Anlatıcı en sonunda günlük hayatında sıradan olanla alışılmadık olanın bir arada var olduğunu kabul etmeyi öğreniyor: “Bir an karşıdan karşıya geçmek için lastik bir bota ihtiyacımız var ve sonra kız kardeşimin evinde makarna yiyoruz. Bu bir tezat, bir şey.” Son birkaç yıldır hepimiz, akşam yemeği hazırlarken ya da köpeğimizi gezdirirken, dünyanın dört bir yanından gelen dehşetlerin az ya da çok yüzümüze gelmesine katlanmak zorunda kaldık.

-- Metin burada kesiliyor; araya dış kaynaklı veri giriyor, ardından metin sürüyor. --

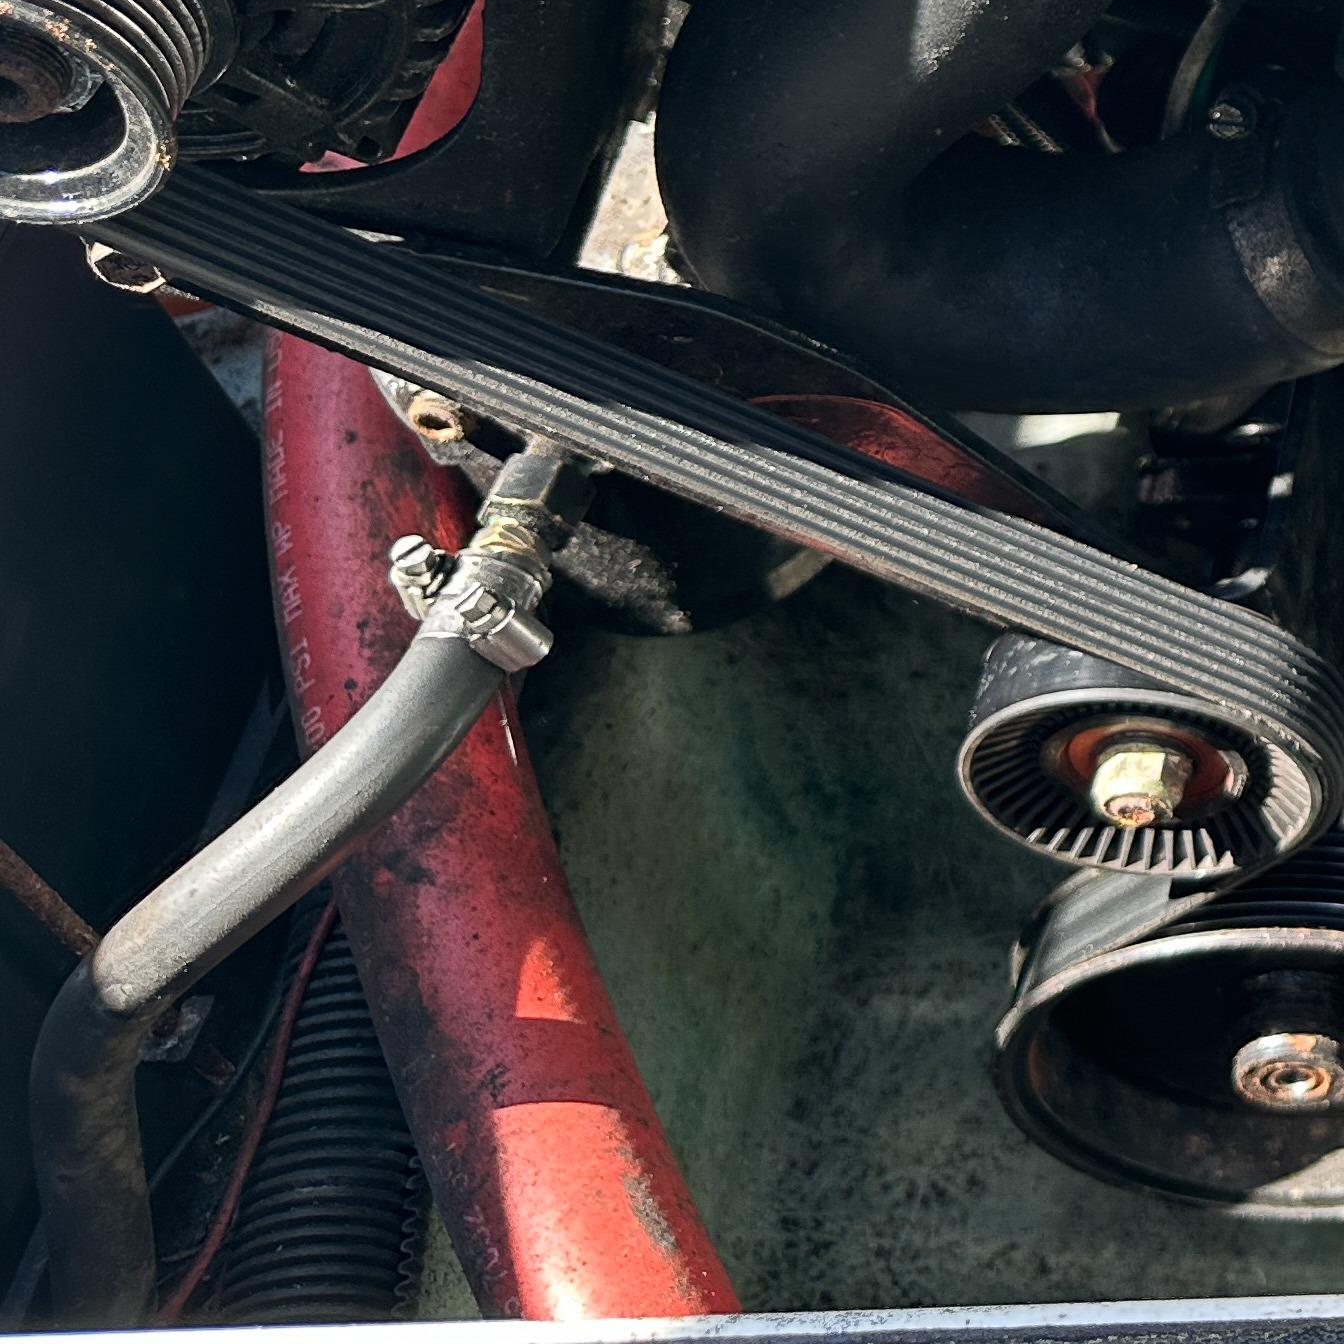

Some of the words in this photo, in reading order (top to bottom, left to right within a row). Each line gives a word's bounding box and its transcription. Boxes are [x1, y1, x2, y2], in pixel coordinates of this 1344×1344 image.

[264, 378, 284, 414] IN
[265, 429, 288, 506] MADE
[271, 520, 294, 557] WP
[278, 564, 303, 625] MAX
[289, 636, 315, 697] PSI
[300, 704, 328, 752] 00

The Portal ile karşılaştırıldığında, roman biçimi anlatıcının şikayet ettiği gibi belki de “oldukça modası geçmiş bir teknolojidir”. Ancak van den Berg gibi bir yazar gıcırdayan dişlileri harekete geçirdiğinde, roman her zaman en iyi yaptığı şeyi hâlâ yapabilir: Kendimizi tüm vahşiliği ve tuhaflığıyla bize ve dünyaya yansıtabilir.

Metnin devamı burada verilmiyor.